Overweight children

(151 Posts)
netherlee Fri 08-Mar-13 19:50:31

My OH owns a small clothes shop that has lots of childrens stuff (schoolwear, brownie/cub, sports, fashion clothes etc.). He said recently he is rather irked at the number of parents who comment that they have to buy larger sizes (eg age 9-10 for a 7 year old). Sites like M&S are similarly strewn with such comments. The sizes are all in line with average sizes of children or slightly bigger, but of course he doesn't retort that the real problem is the child is overweight. He has also had at least one child needing a smaller size because they are very healthy (usually a very sporty child who is careful with what they eat). Its a lose lose.

So are we BU to think parents should just watch childrens health a little more rather than moan to shop staff just doing their job?

threesypeesy Sun 10-Mar-13 09:03:03

Yabvu my dd1 is 9 very tall 5ft and slightly chubby those who judge are idiots as there may be reasons ours she's just been diagnosed with an eating disorder !! Incredibly worrying and heartbreaking (she's eating in secret and not food ahead gets at home)

Dd2 is tall skinny and all legs shes8 (thanks to mmeasurements for a flower girl dress) has the body size if 4year old!!

Every child is different and have reasons why (ok some are clearly over fed on crap) but not all, clothes sizes can vary widely in shops

Bunbaker Sun 10-Mar-13 09:59:29

I don't know if the posts on here are representative of most parents, but it looks like there aren't many average sized children, so why not make clothes for slimmer children and wider clothes and don't bother with the average size at all.

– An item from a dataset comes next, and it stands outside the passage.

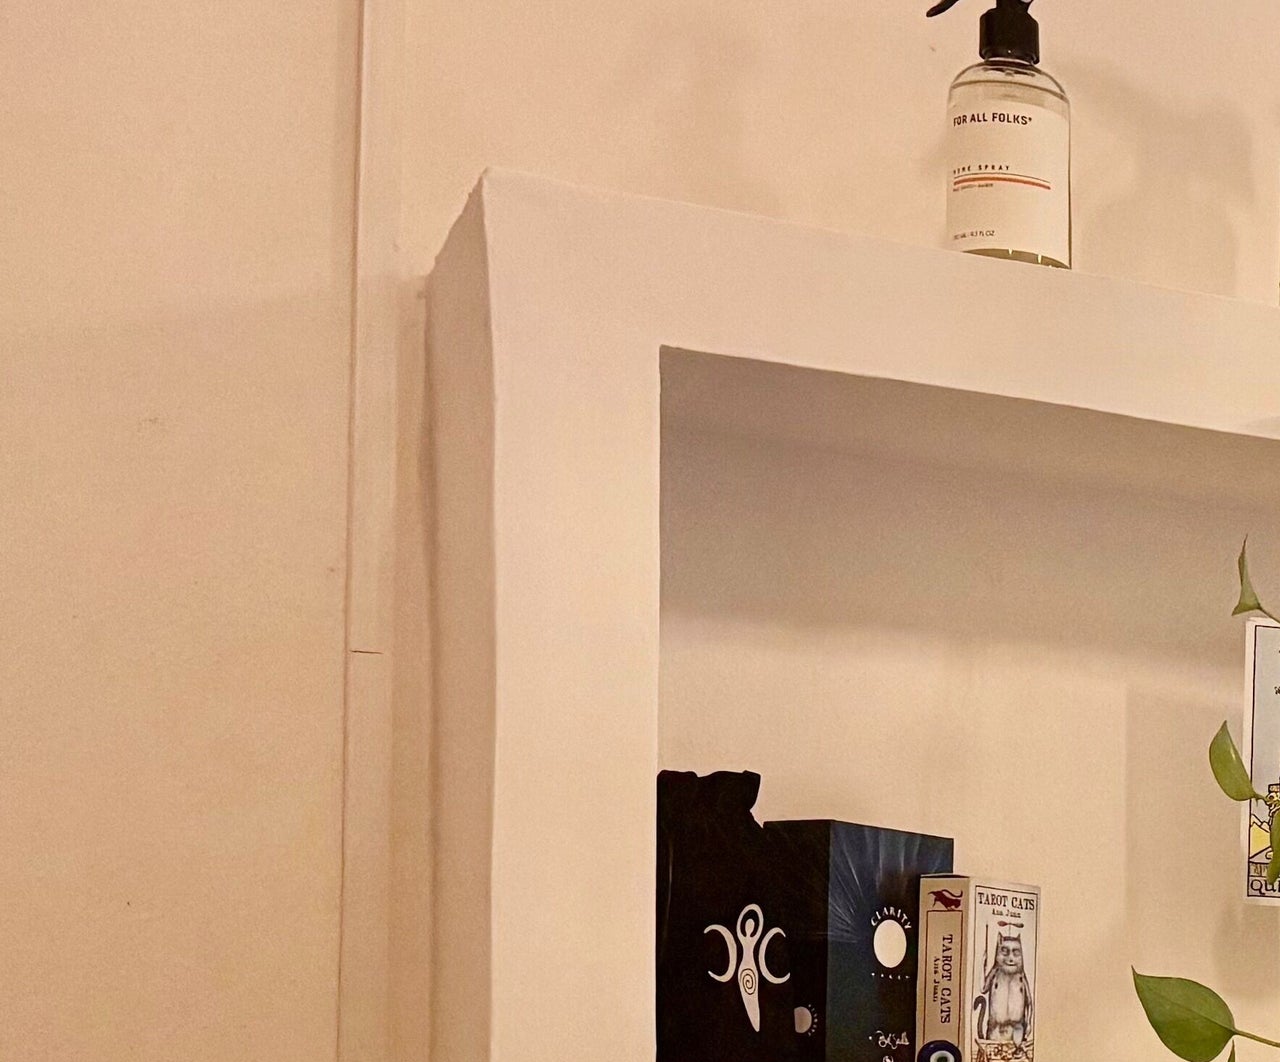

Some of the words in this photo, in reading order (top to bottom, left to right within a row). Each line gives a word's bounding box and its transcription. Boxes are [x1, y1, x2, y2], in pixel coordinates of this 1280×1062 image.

Sorry to hear about your DD threesypeesy. I hope you can resolve it soon.

musicposy My 12 year old DD sounds like yours and an adult size 6 is a godsend. I used to dread trouser/jeans buying for her, but now she has so much choice.

Interestingly, last year I asked our GP about DD's weight, saying that I thought she was underweight and clothes buying was really difficult because all age 12 clothes were too big. She had a good look and told me that DD was fine and that most children are too chubby. So, it sounds like your OH is right.

I would be interested to know if the larger sizes required are just width or whether the clothes are too short as well. DD is 12 and just over 5' tall and is one of the smallest in her class. OH's family who are all rather vertically challenged can't believe how tall she is!

As a business owner he should keep his opinions to himself and respond by stocking more larger sizes. Although the sizes in the clothes are put in by the manufacturers so it isn't his fault that parents of larger children feel that the clothes are sized incorrectly.

The sizes are all in line with average sizes of children so obviously there are going to be a large number of children - like about half - who will need a smaller or bigger size than the average.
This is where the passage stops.